Bruxelles, le 11 juin 2013

Assurer l’avenir de l’acier en Europe

Depuis le plan Davignon de 1977, c’est la première fois que la Commission propose un plan d’action global pour l’acier, onze ans après l’expiration du traité instituant la Communauté européenne du charbon et de l’acier en 2002.

L’industrie sidérurgique européenne dispose de nombreux atouts: des sites de production modernes, des produits de pointe, des clients exigeants incitant à une constante innovation des produits, un marché national important et une main-d’œuvre qualifiée. Toutefois, elle doit aujourd’hui faire face à d’importants défis: une demande faible, une hausse des coûts de l’énergie, une dépendance vis-à-vis des importations de matières premières, une concurrence rude et souvent déloyale et des exigences environnementales ambitieuses.
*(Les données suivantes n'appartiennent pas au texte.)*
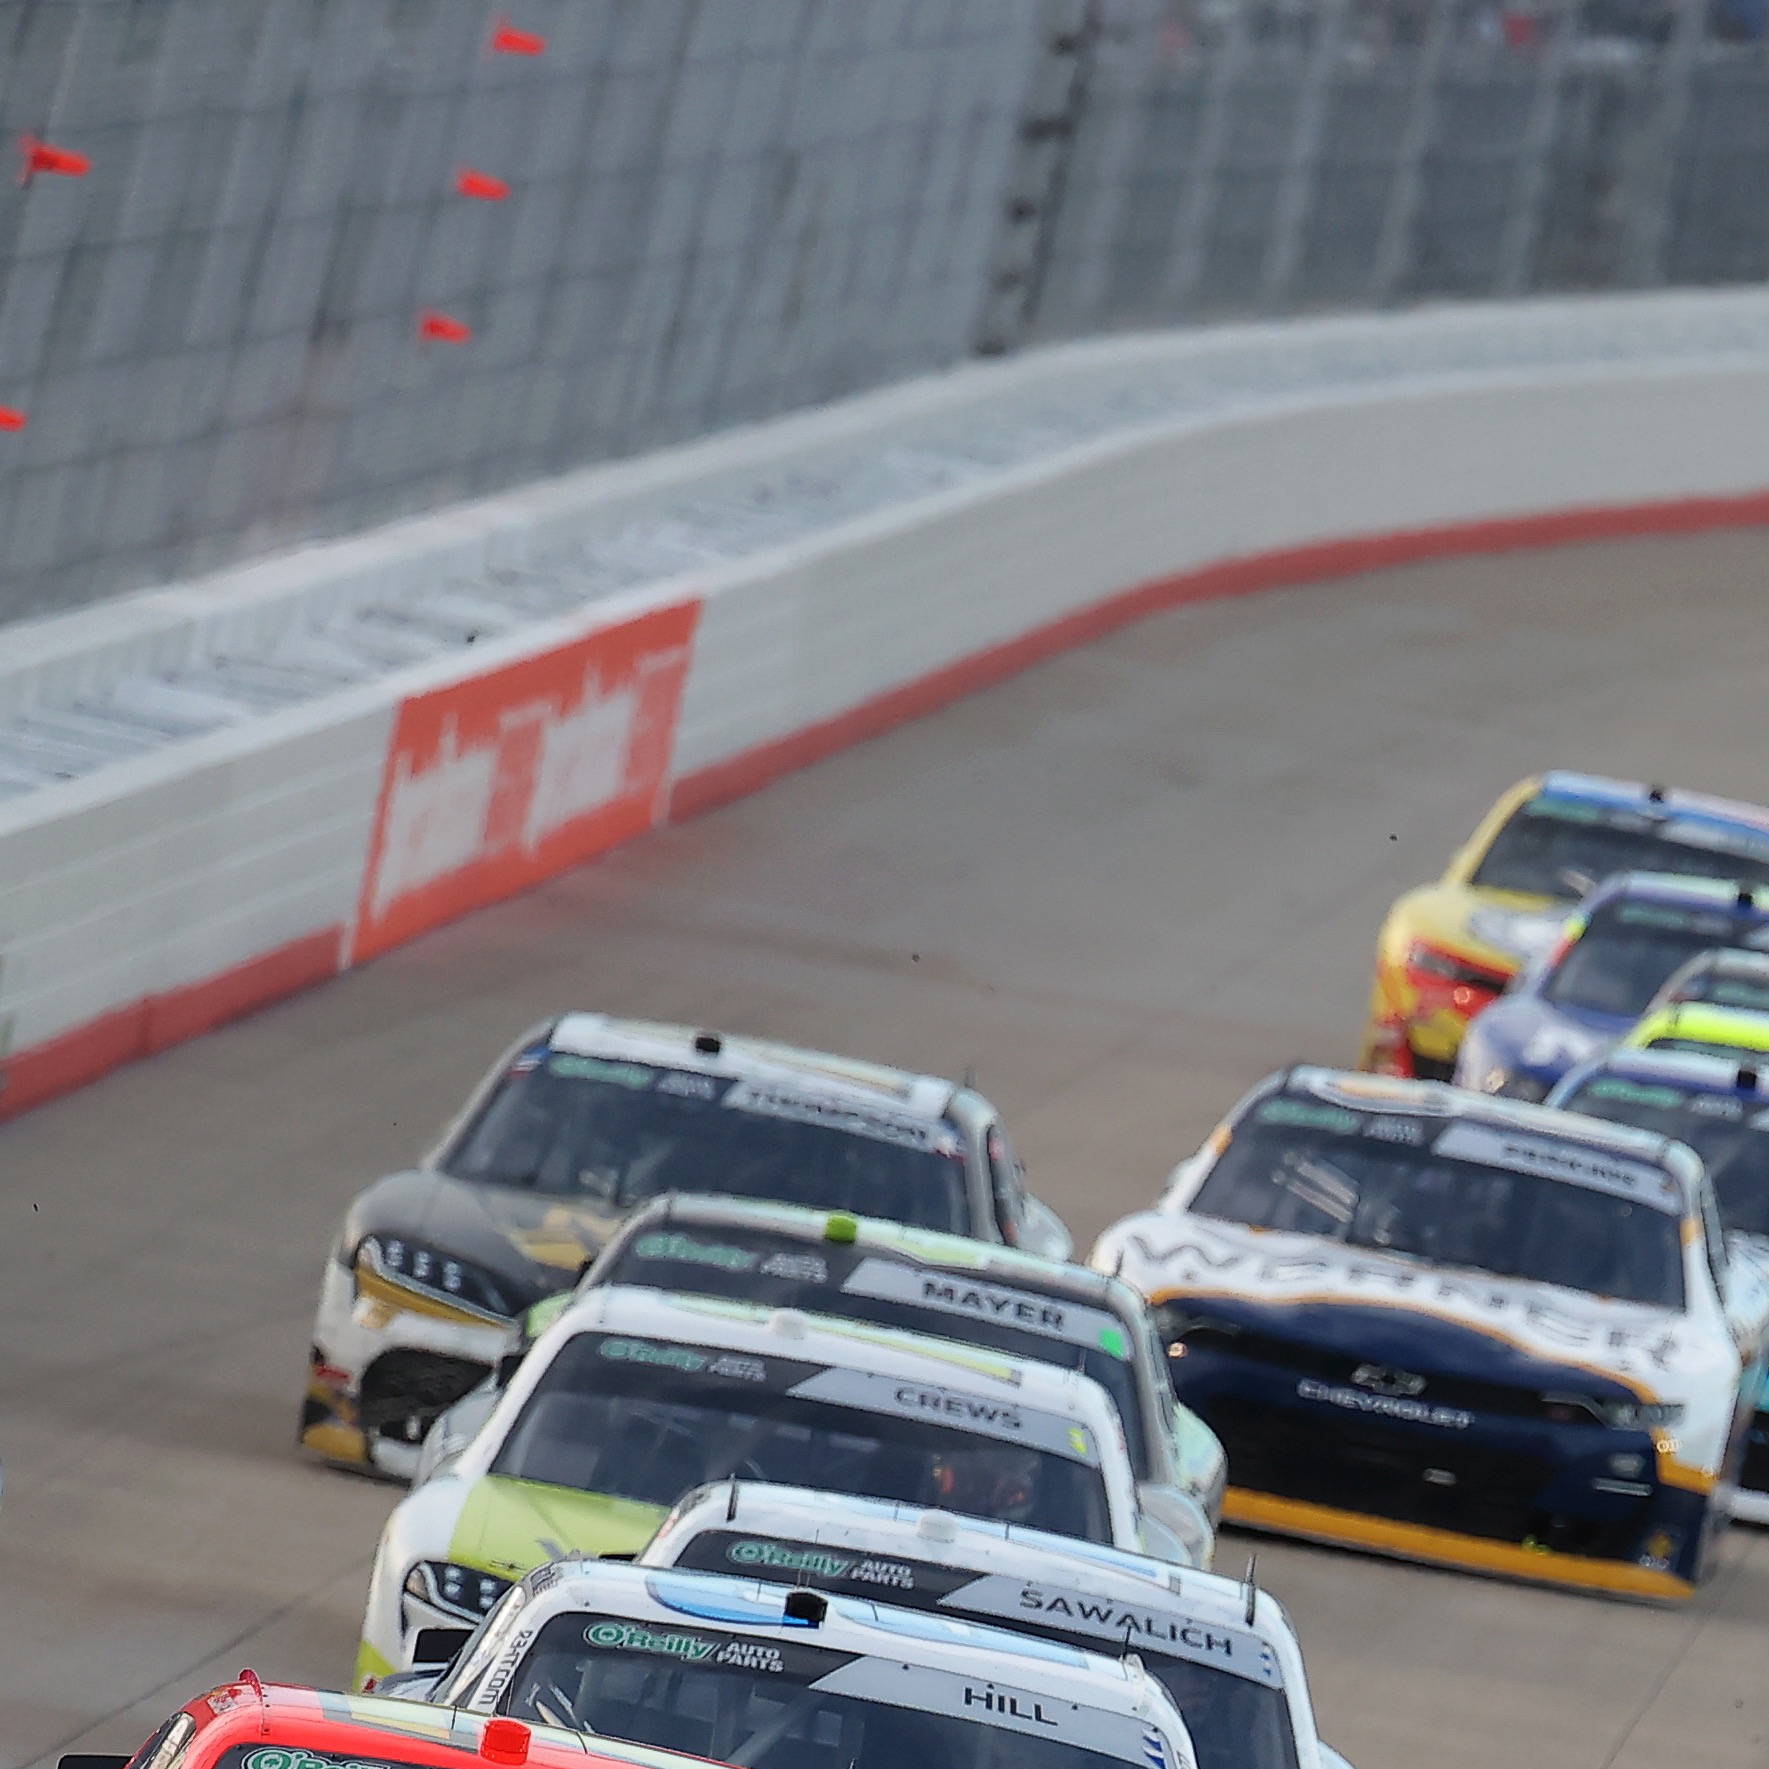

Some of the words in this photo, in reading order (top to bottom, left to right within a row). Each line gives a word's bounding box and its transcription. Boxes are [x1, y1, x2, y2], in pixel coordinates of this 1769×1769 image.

Enfin, le risque de licenciements et de fermetures de sites s’est accentué.

Le présent mémo analyse les défis auxquels est confrontée l’industrie sidérurgique et présente le plan d’action que la Commission européenne a publié aujourd’hui. Il rappelle l’importance stratégique de l’acier pour l’Union européenne et ses liens étroits avec de nombreux secteurs industriels en aval tels que l’automobile, le bâtiment ou l’électronique, et souligne sans ambages que la production d’acier a un avenir en Europe.

A. Les défis

La demande d’acier en Europe demeure inférieure de 27 % à son niveau d’avant la crise. L’emploi dans le secteur a diminué de 10 % entre 2007 et 2011, en raison de la fermeture de plusieurs sites de production ou de la réduction de leur activité. Toutefois, l’Union reste le deuxième producteur mondial d’acier, employant plus de 360 000 personnes et produisant plus de 177 millions de tonnes d’acier par an, soit 11 % de la production globale.

L’industrie sidérurgie mondiale affiche aujourd’hui une surcapacité de quelque 542 millions de tonnes, dont près de 200 millions sur le territoire chinois. Si la capacité reste stable après 2014, la demande pourrait ­– au rythme de croissance actuel – mettre cinq à sept ans pour s’y adapter.
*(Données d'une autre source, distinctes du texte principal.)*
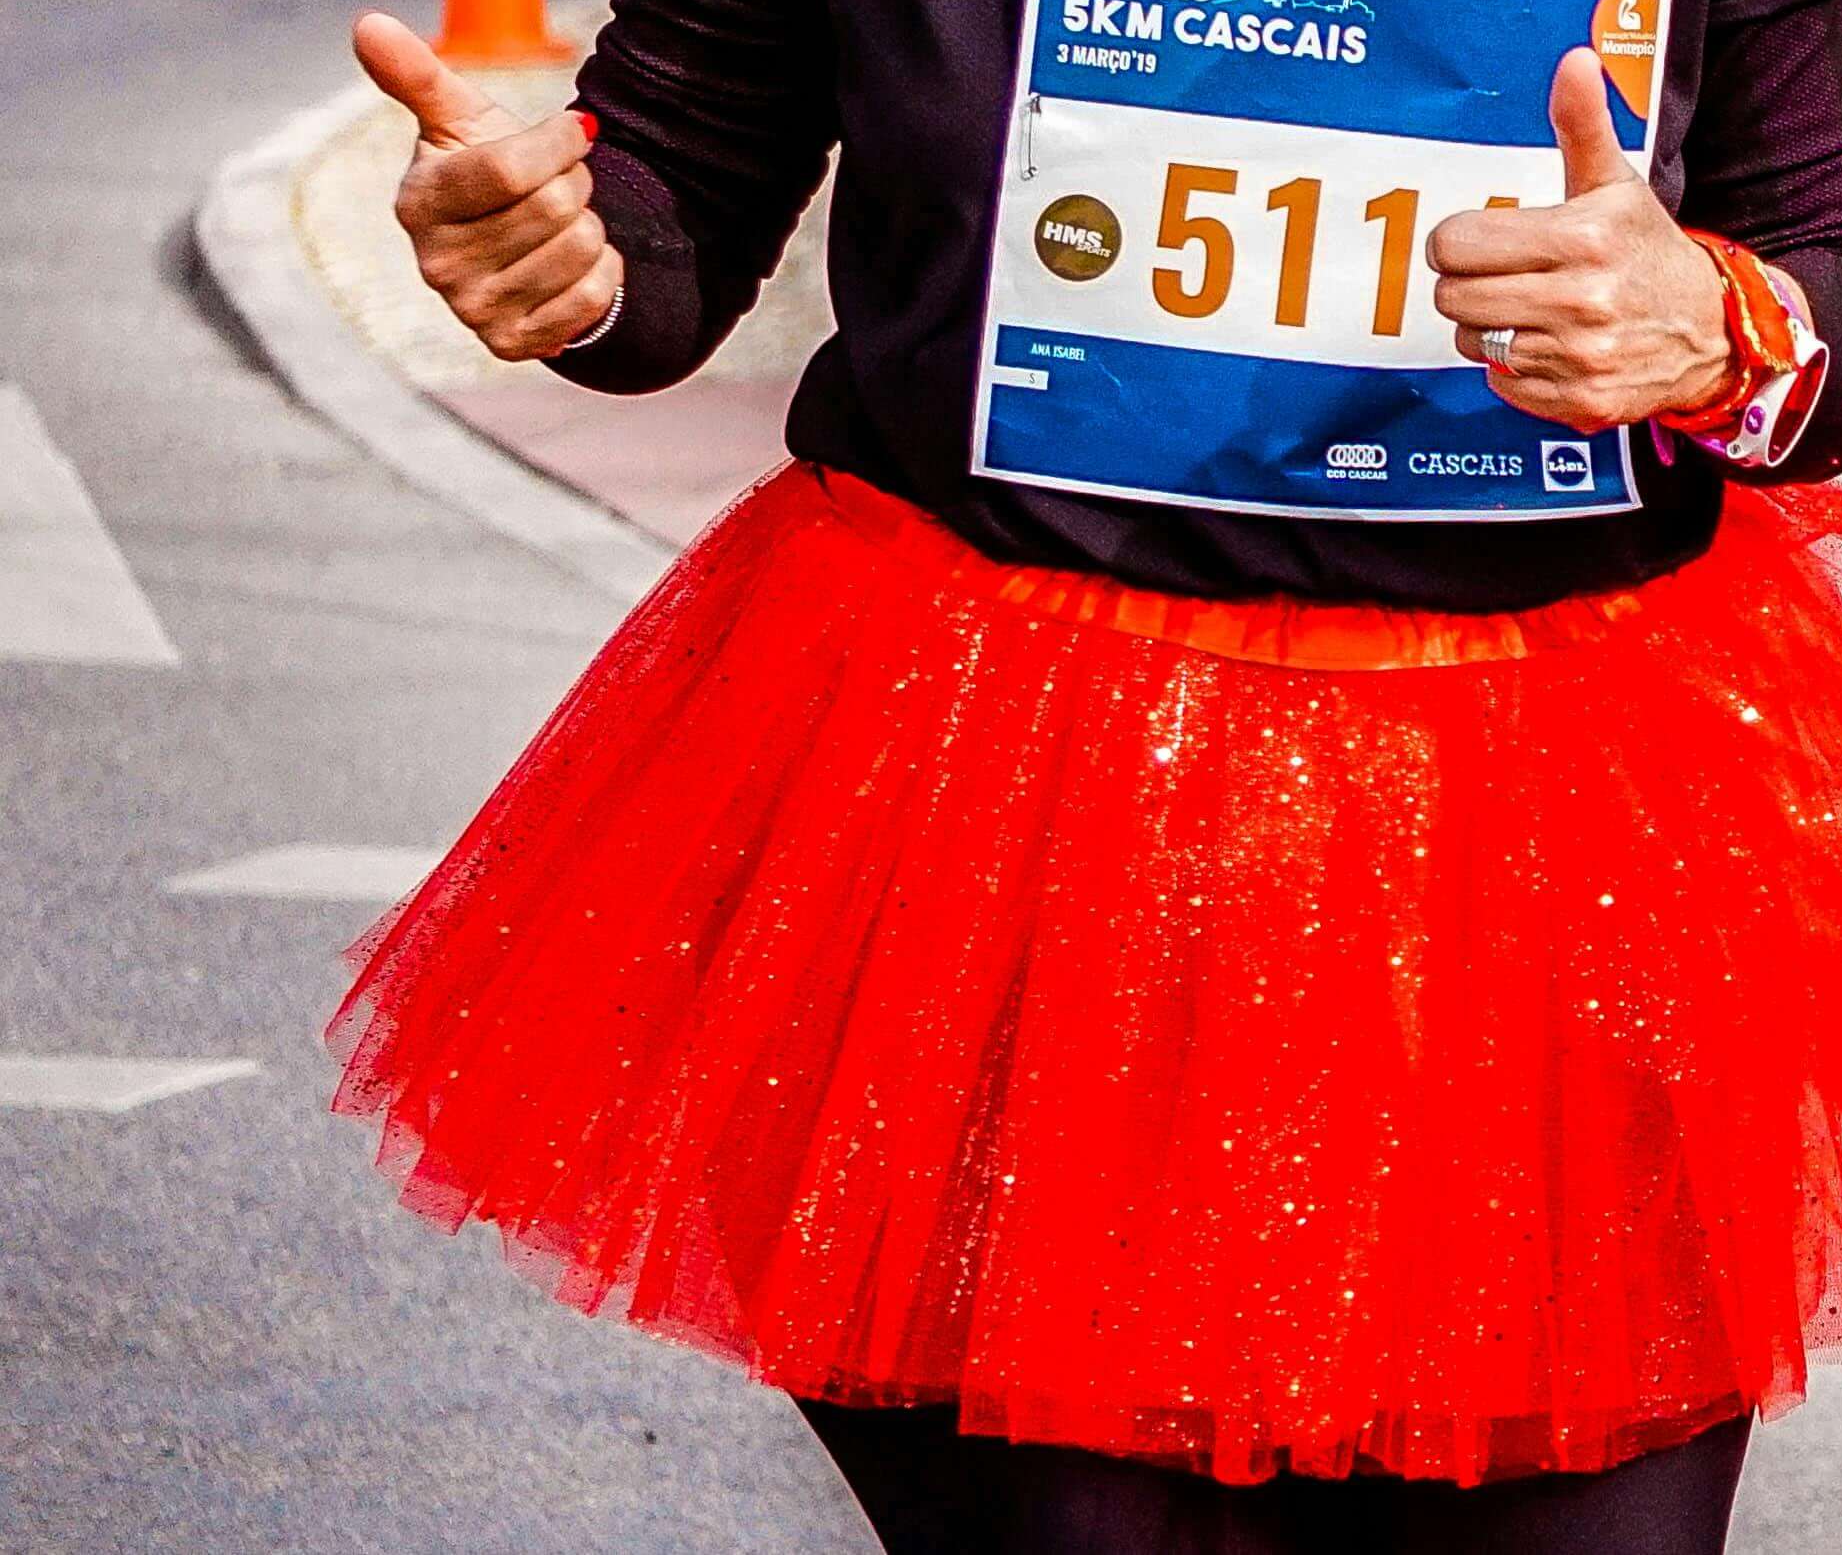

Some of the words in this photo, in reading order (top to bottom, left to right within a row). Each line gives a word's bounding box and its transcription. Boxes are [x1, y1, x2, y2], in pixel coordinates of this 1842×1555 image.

[1173, 8, 1367, 65] CASCAIS
[1057, 43, 1068, 63] 3
[1072, 45, 1157, 75] MARÇO'19
[1043, 221, 1103, 248] HMS
[1151, 162, 1519, 337] 511
[1409, 453, 1523, 476] CASCAIS
La concurrence est rude et l’industrie sidérurgique chinoise représente maintenant près de la moitié de la production mondiale d’acier, ce qui fait de la Chine le premier exportateur d’acier au monde. Aux États-Unis, la baisse des coûts de l’énergie découlant de la révolution du gaz de schiste a amélioré la compétitivité de l’industrie nationale du point de vue des coûts énergétiques, ce qui permet désormais d’attirer de nouveaux investissements. Les États-Unis pourraient prochainement devenir un exportateur net d’acier, ce qui amplifierait encore le phénomène de surcapacité sur les marchés mondiaux. En outre, certains pays voisins de l’Union, tels que la Russie, l’Ukraine et la Turquie, ont considérablement accru leur capacité de production sidérurgique et sont en mesure d’exporter vers le marché européen.

Cela étant, la concurrence n’est pas toujours loyale: la tendance est à la protection accrue des entreprises sidérurgiques nationales, notamment au travers de restrictions à l’exportation et de droits à l’exportation sur les matières premières, qui contribuent à accroître indûment les coûts de la production sidérurgique européenne. L’Inde, la Chine, la Fédération de Russie et l’Égypte ont ainsi pris des mesures de ce type. La Chine et les États-Unis ont mis en place des limitations d’investissement dans leurs secteurs sidérurgiques nationaux et appliquent des préférences dans l’octroi de leurs marchés publics.

L’OCDE prévoit que la demande mondiale d’acier augmentera de 2,3 milliards de tonnes d’ici à 2025, principalement dans les secteurs du bâtiment, des transports et de la construction mécanique, en particulier dans les économies émergentes. Il est essentiel que l’industrie sidérurgique européenne soit préparée à exploiter pleinement cette nouvelle hausse de la demande.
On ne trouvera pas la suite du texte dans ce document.